Eran otros tiempos, otros años, pero no tantos como para no recordarlos. En la década de los setenta del pasado siglo, hace cuarenta años, los esfuerzos de los profesionales, de las instituciones y de cuantos estábamos interesados en la discapacidad iban dirigidos a la escolarización de los niños que hasta entonces se quedaban en casa, cuidados, la mayoría de las veces, por la madre, que se enterraba en vida con el hijo discapacitado intelectual, sordo profundo, paralítico cerebral o autista.

Aquellos trabajos dieron como fruto la apertura en España de centros de Educación Especial que llenaron la geografía de nuestro país. En Salamanca se abrió por la Diputación Provincial el Centro Reina Sofía. En sus comienzos Pepe Santos Borbujo, María Luisa Cerceño, Elisa Moneo, Carmen García Rosado y yo componíamos el equipo médico psicológico. En la implantación de la escolarización para discapacitados hubo errores que en la década de los ochenta fueron corregidos, pero también hubo avances espectaculares. Se comenzó a hablar de los discapacitados, niños que estaban en la sociedad, pero que se mantenían al margen, ocultos. Era hasta entonces un problema invisible.
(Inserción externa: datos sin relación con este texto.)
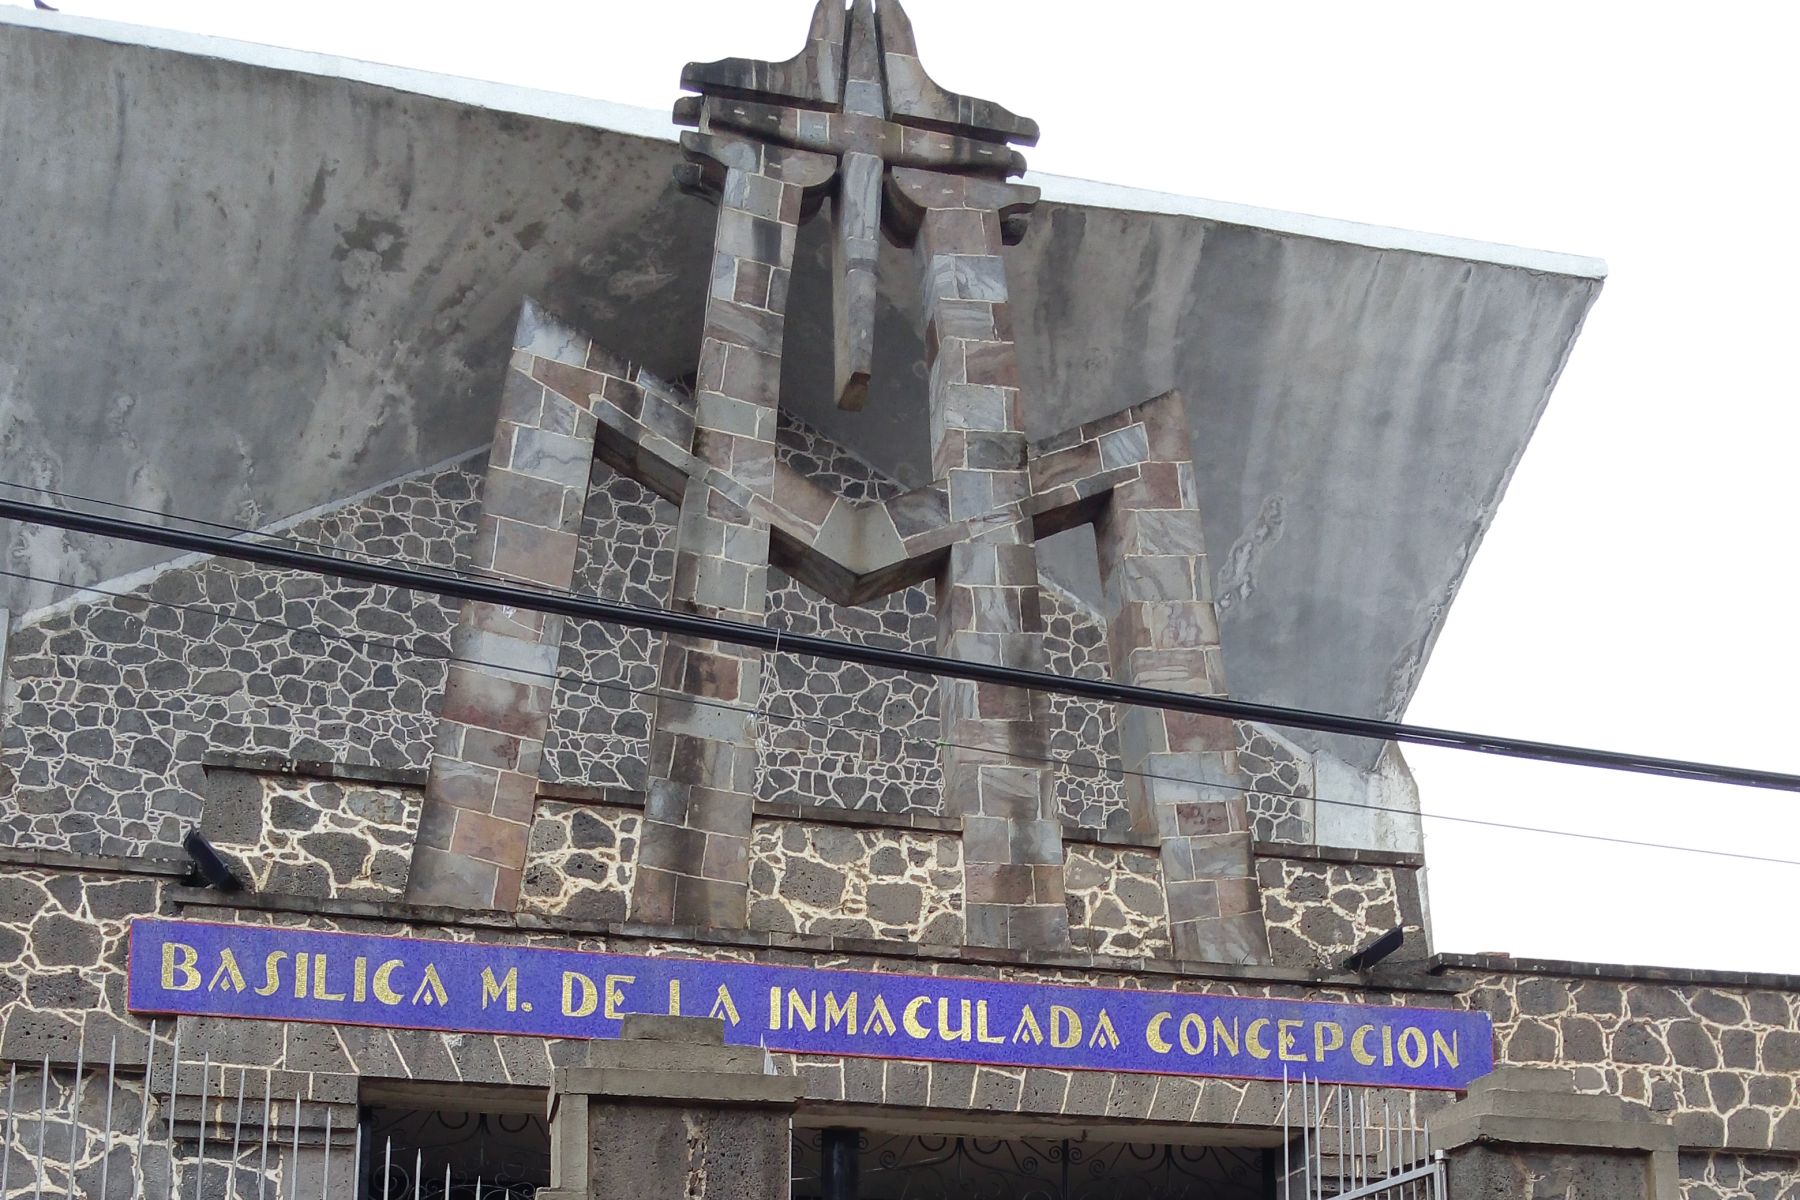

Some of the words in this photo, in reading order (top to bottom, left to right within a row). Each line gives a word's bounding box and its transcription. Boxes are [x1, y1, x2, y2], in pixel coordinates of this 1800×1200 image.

[161, 942, 448, 1007] BASILICA
[479, 965, 534, 1014] M.
[561, 970, 637, 1020] DE
[768, 985, 1121, 1050] INMACULADA
[1145, 1010, 1459, 1069] CONCEPCION
Como siempre ocurre con las modas, también en educación, los excesos están a la orden del día. Niños con fracaso escolar, con dislexia o disgrafía eran escolarizados en centros de discapacitados, entonces llamados incorrectamente de subnormales. He conocido, y en ocasiones publicado, casos de niños sordos matriculados en estos centros de educación especial enviados desde la escuela porque no hablaban o lo hacían con dificultad, escolarización que se llevaba a cabo sin que se les hiciera una simple audiometría para detectar la hipoacusia.

Los problemas no surgían solamente por la existencia de algunos casos de incorrecta escolarización, también se cometieron errores por exceso en la fragmentación escolar a la hora de abrir centros de enseñanza especializada. Algunos de esos excesos los hemos heredado y persisten hoy día. Los sordos, los ciegos, los discapacitados intelectuales, los paralíticos cerebrales recibieron desde entonces una educación diferenciada, exclusiva, alejada de los capacitados. La deriva fue demasiado lejos, en aquellos tiempos se oían voces para que se abrieran centros específicos para cuantas patologías producían discapacidad. Todo valía para una escolarización diferente.

Coincidiendo con los años de la transición española la pedagogía de nuestro país dio un ejemplo de renovación y de puesta al día. Fueron los años de las “escuelas de verano” y de las primeras experiencias en la integración de discapacitados, cuando los maestros y profesores de enseñanza infantil, primaria y media intercambiaban modos de intervención novedosos, y en los que otros profesionales procedentes del mundo de la psicología, la psicopedagogía y la medicina éramos invitados a participar, formando con ellos equipos de diagnóstico y tratamiento que con el tiempo darían lugar a los equipos de orientación psicopedagógica actuales.